Monday, April 13, 2009

The Month of Maypril is Here!

Yes, I said Maypril! The month which tortures the place in our souls longing for warmer, dryer weather and fair winds. This cruel month, running from mid-April to mid-May paws and gnaws at our expectations for all that is getting better we hope. I carry a whole year's wardrobe sampling in the back of my truck: from Carhart insulated oversuit to board shorts and sandals, tee shirts, hooded sweatshirts, 4-3 wetsuits, boots, and gloves, and foul weather gear. Eighty-one degrees on Saturday, 39 degrees on Sunday---change is the only thing which remains the same.

So into this crazy 30-some days we plunge. I'm still optimistic, still looking forward to what my piece of coast has to share.

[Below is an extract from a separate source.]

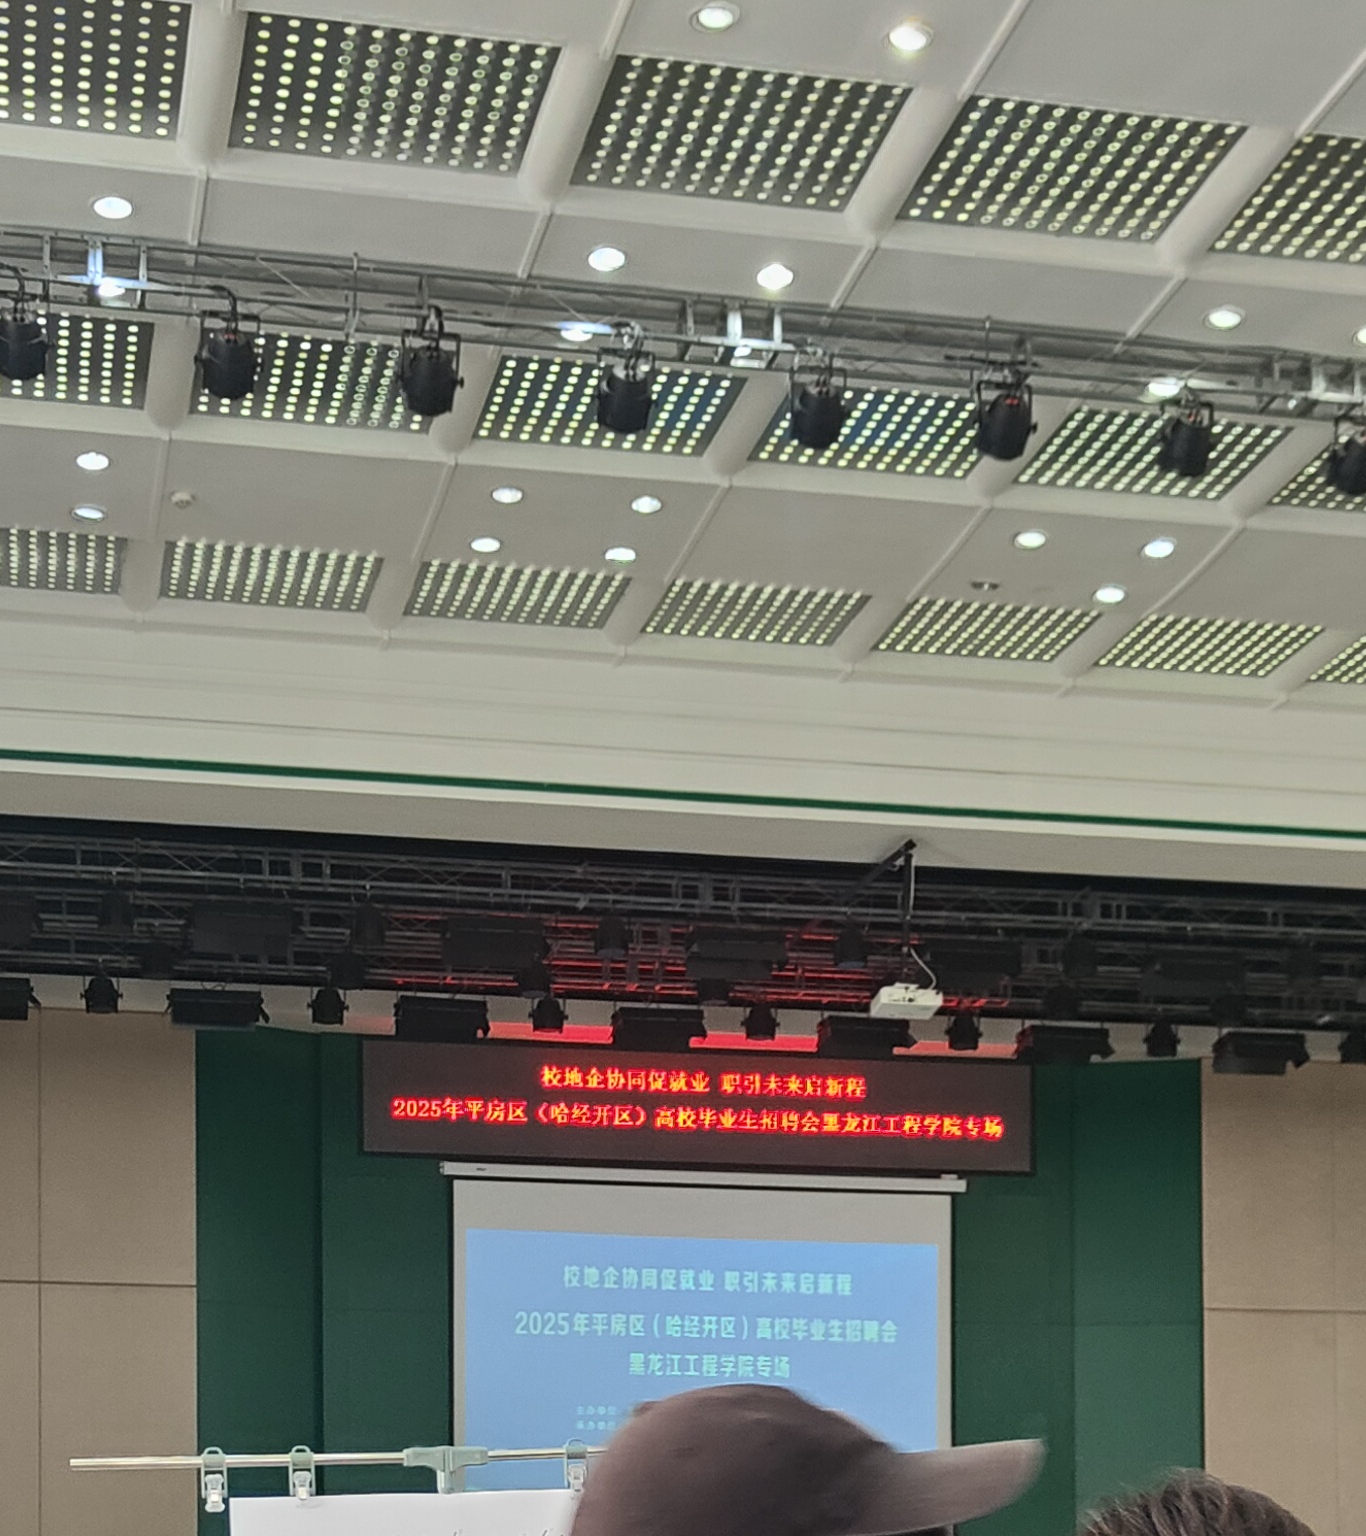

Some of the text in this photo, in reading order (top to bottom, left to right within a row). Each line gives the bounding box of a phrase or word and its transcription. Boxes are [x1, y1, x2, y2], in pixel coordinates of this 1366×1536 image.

The cycling season is rolling. The surfing scene is slow for me right now. I really hate cold water---anywhere in the forty-degree range. The water temperature at the Duck Research Pier is bumping 50 degrees just about now. The waiting won't be much longer.

The cycling race season left the start line on the wheels of our new club, Gruppo Sportivo Outer Banks, February 22nd at the Snowball Criterium #1 at the Virginia Beach Sportsplex, a beautiful, flat, oval-ish, close to one mile loop. The wind blew around 20 mph, west/southwest with steady rain and mid-forty degree air for the C race. We fielded 7 riders in this race, all about to feel what it means to be "hardmen" in bike racing.

Most of these riders were new to road bike racing on this day. I moved in and around the vehicles which carried us all up from our warm, dry North Carolina coastal homes some 90 miles south. I looked closely at faces framed in an air of doubt, unsureness,
trepidation, and then slowly transforming to a steeled resolve, facing this new challenge posed by horrid weather and a multitude of competitors, many concealing the same seeds of self-doubt.

These new racers without pre-race rituals, without race tactics born of knowing what to do when this or that happens---they still answered the call. Their energy charged and lifted all around them. I wasn't racing this day, but was so compelled to witness their charge around the course, I just had to be there. We all inspire each other this way. Their race was our race as it were. To Rob, Matt, Joe, Randy, Art, Kevin, and Wayne, you all were unforgettable in this race. Three placed in the top ten---all finished first in our eyes for answering the start and being there for the finish.